- Your goal
An exact repetition of the data is required; no picture should appear in it.

- Data records

----

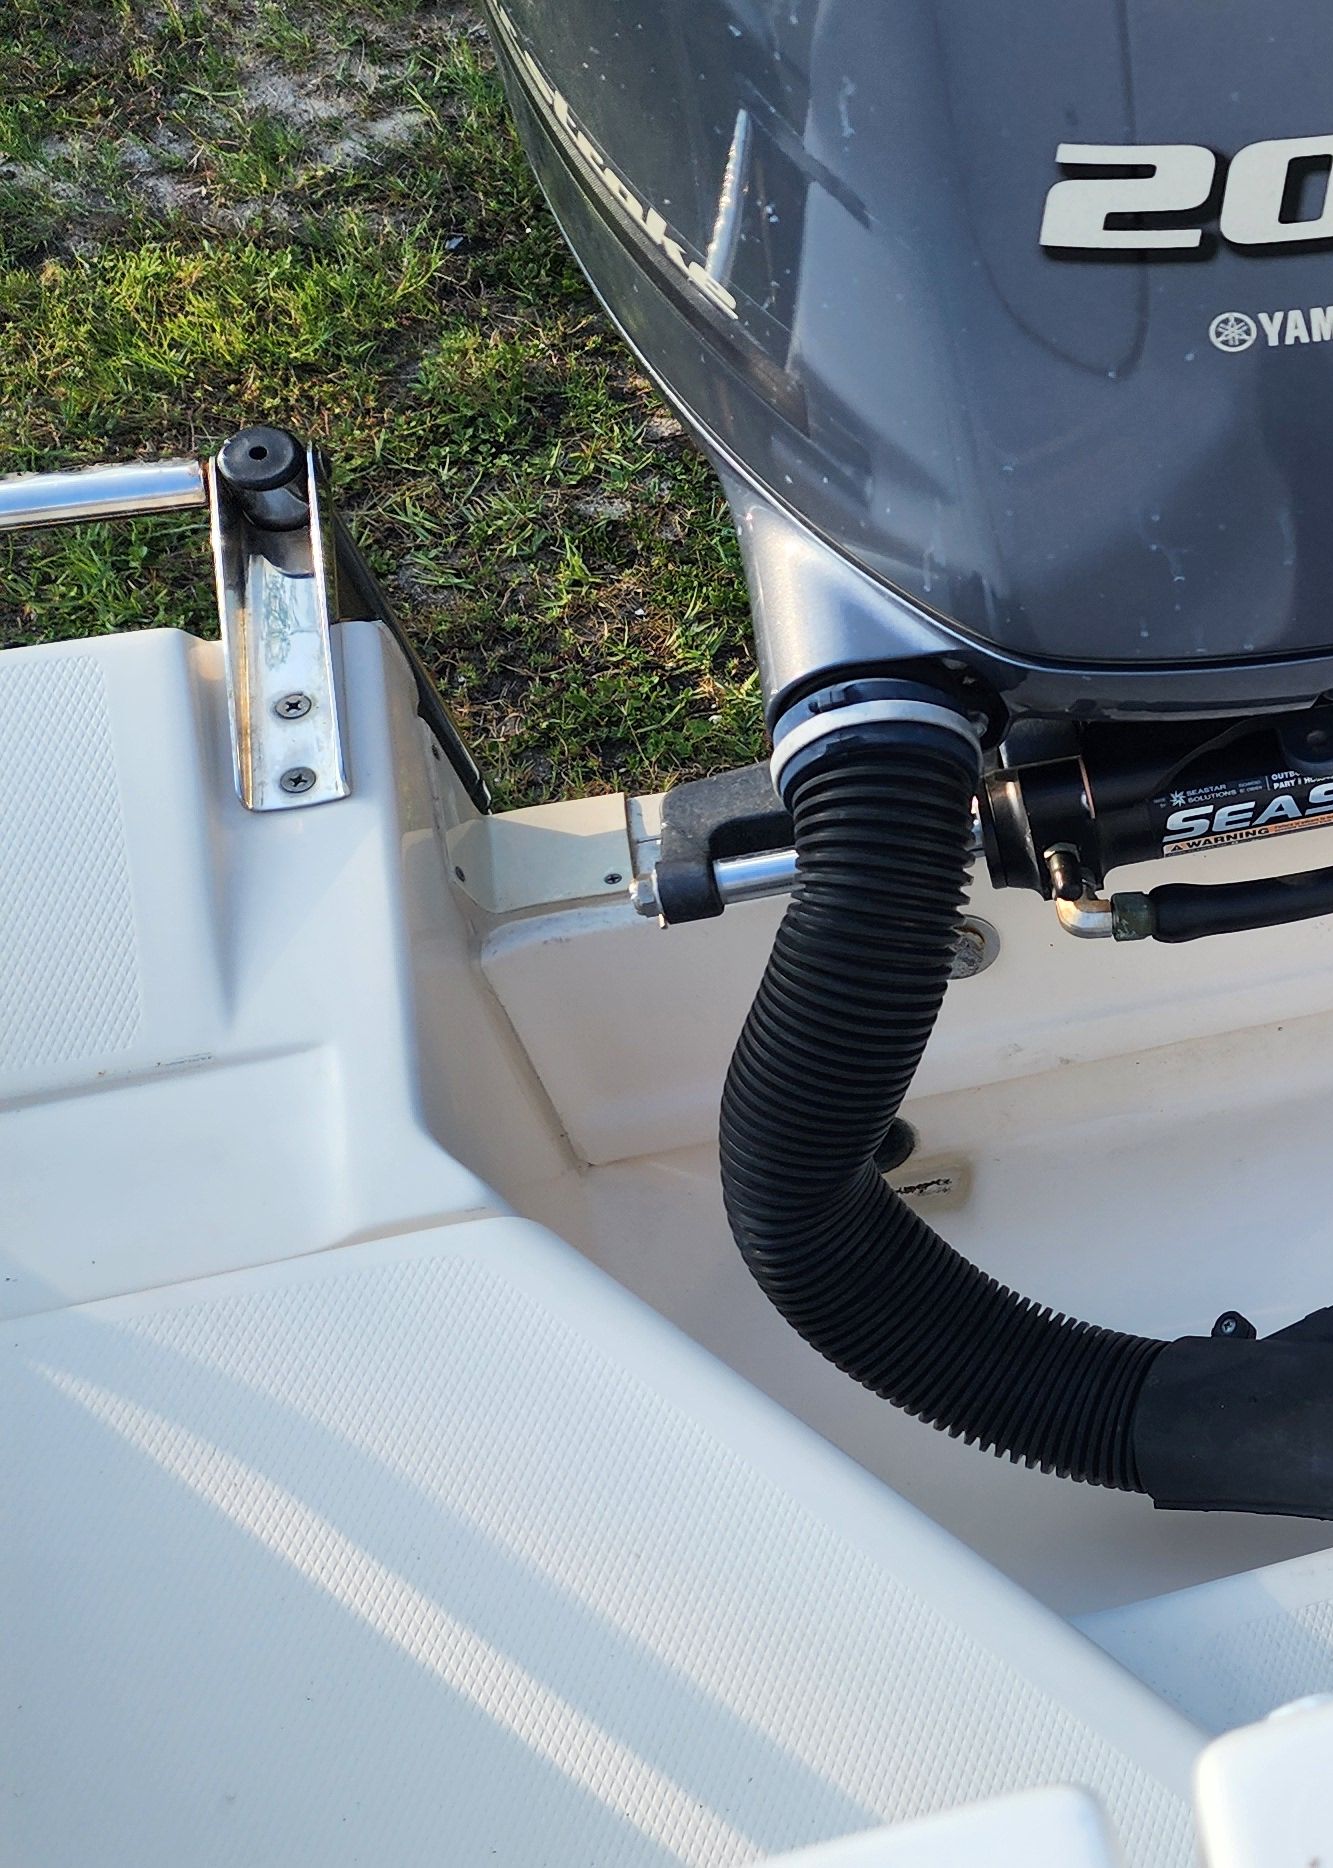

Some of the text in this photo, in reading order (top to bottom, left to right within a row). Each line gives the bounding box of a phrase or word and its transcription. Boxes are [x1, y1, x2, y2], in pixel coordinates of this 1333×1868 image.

[1186, 784, 1227, 797] SEASTAR
[1273, 779, 1296, 790] PART
[1187, 789, 1238, 804] SOLUTIONS
[1187, 828, 1270, 848] WARNING
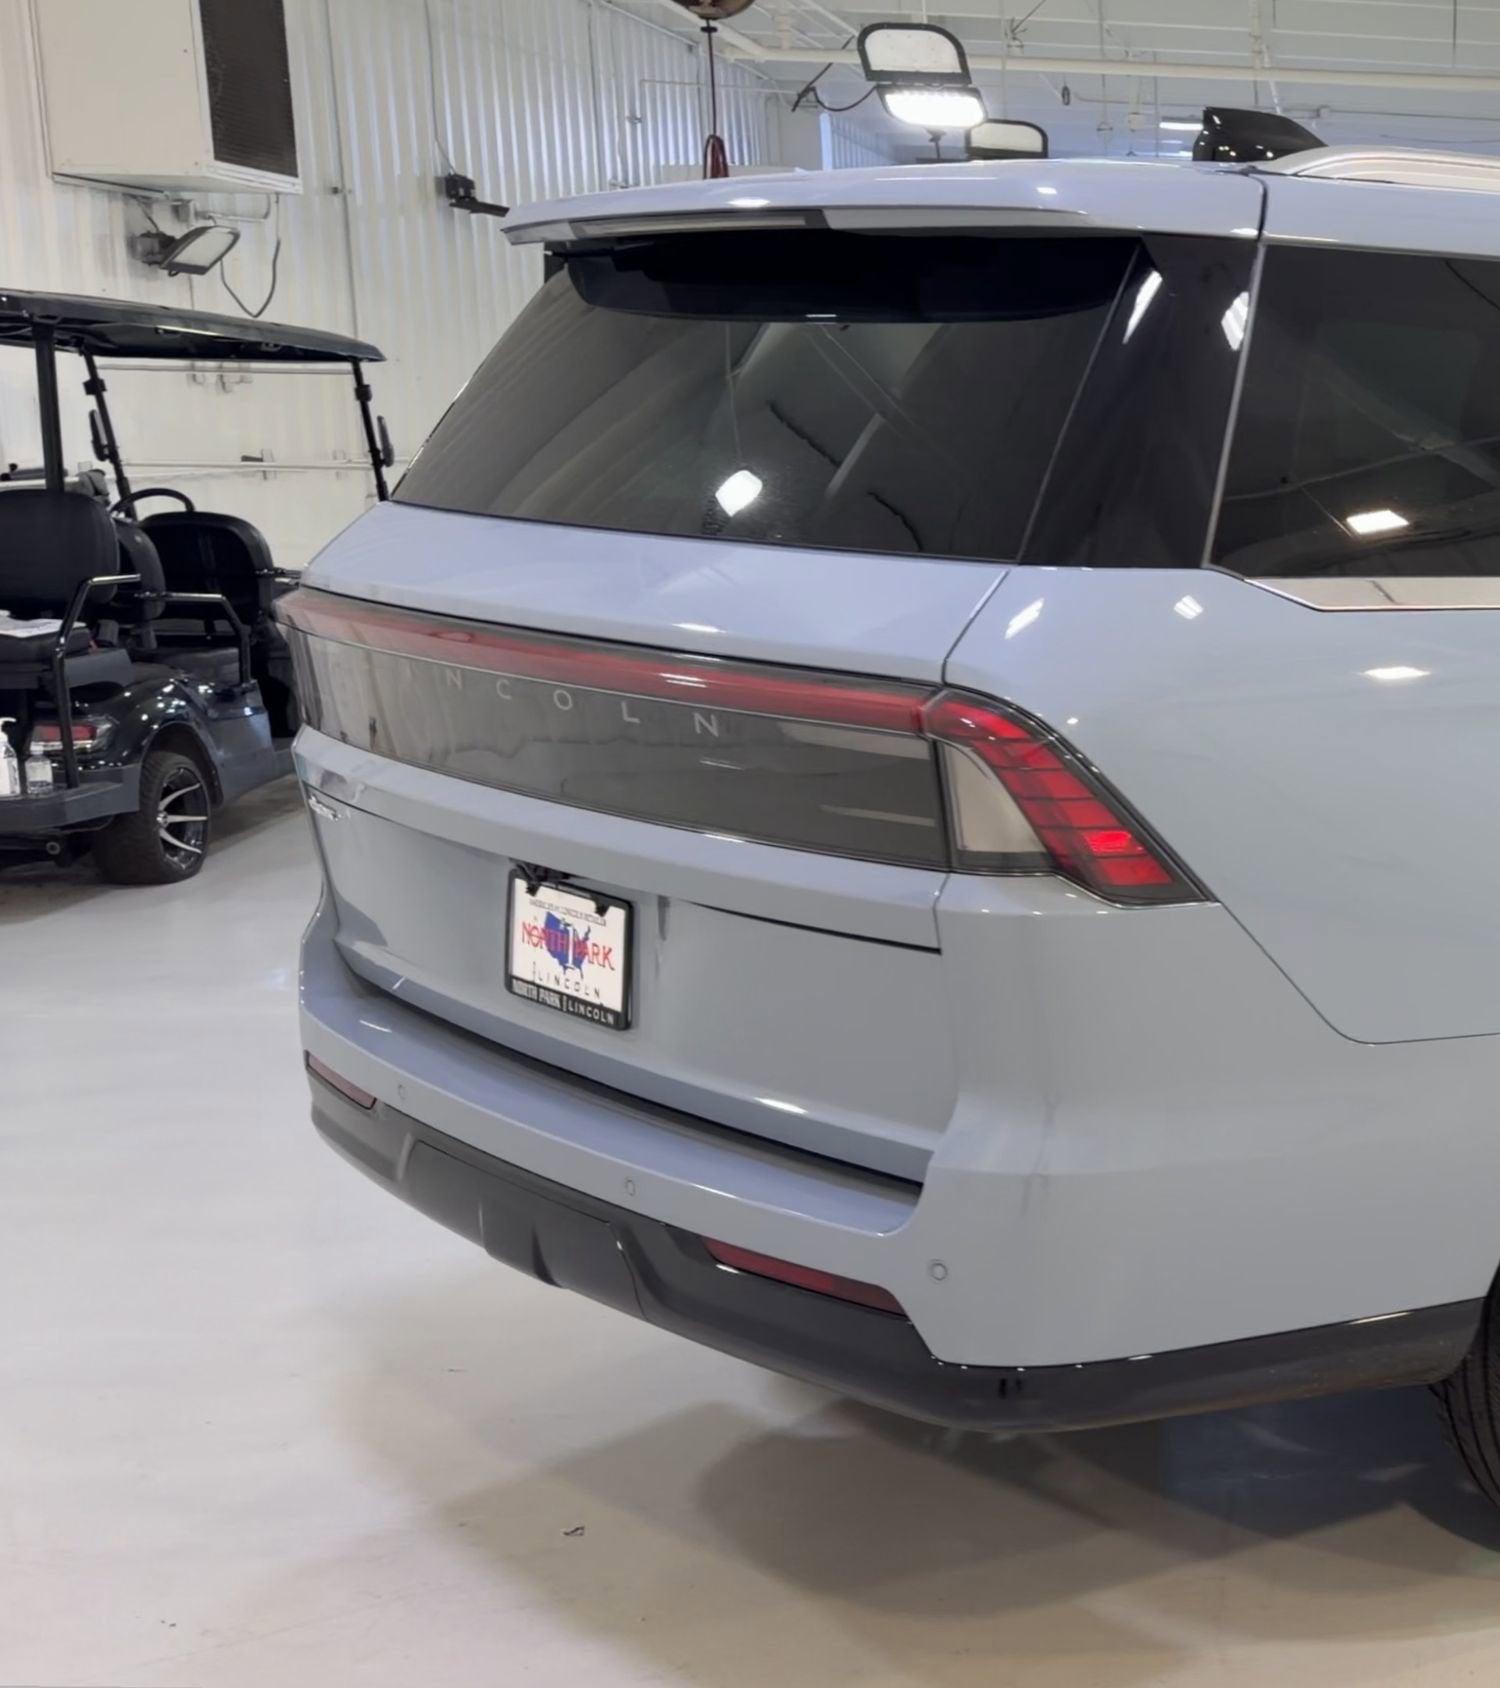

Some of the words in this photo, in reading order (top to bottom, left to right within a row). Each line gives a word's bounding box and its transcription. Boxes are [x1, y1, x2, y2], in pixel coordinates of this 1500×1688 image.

[372, 657, 720, 738] INCOLN
[538, 971, 601, 999] LINCOLN
[568, 1000, 614, 1025] LINCOLN
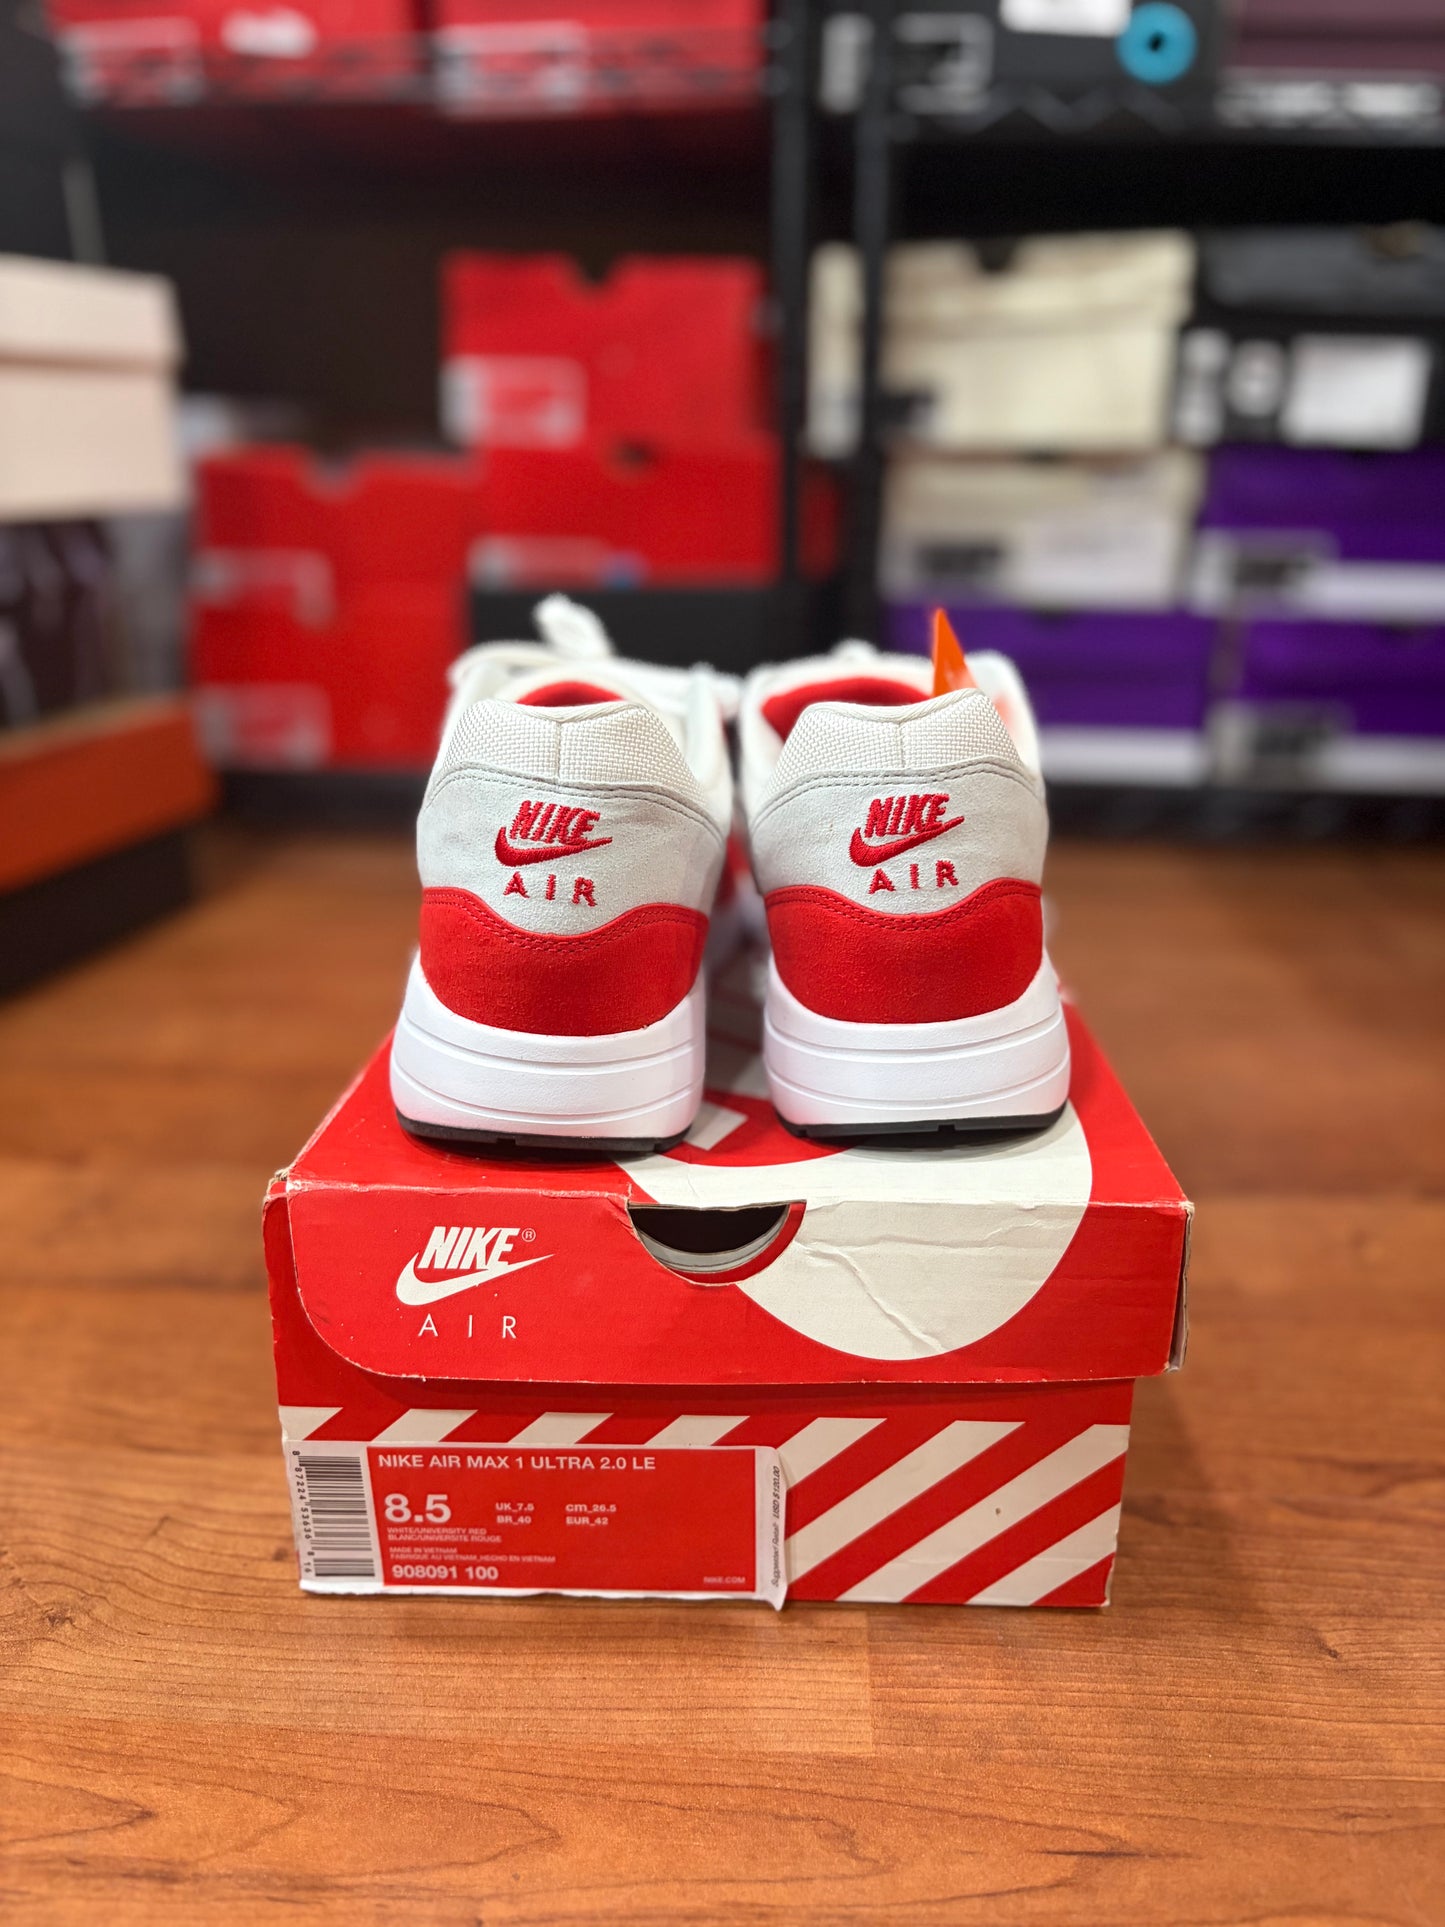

----

- Task output
Some of the text in this photo, in reading order (top to bottom, left to right within a row). Each line gives the bounding box of a phrase or word and its transcription. Boxes are [x1, y1, x2, y2], in pixel coordinates of this 1333×1868 image.

[1186, 784, 1227, 797] SEASTAR
[1273, 779, 1296, 790] PART
[1187, 789, 1238, 804] SOLUTIONS
[1187, 828, 1270, 848] WARNING

Some of the words in this photo, in reading order (top to bottom, left to right within a row). Each line gives a word's bounding box and its transcription. Boxes are [x1, y1, x2, y2], in pixel coordinates of this 1500×1688 image.

[372, 657, 720, 738] INCOLN
[538, 971, 601, 999] LINCOLN
[568, 1000, 614, 1025] LINCOLN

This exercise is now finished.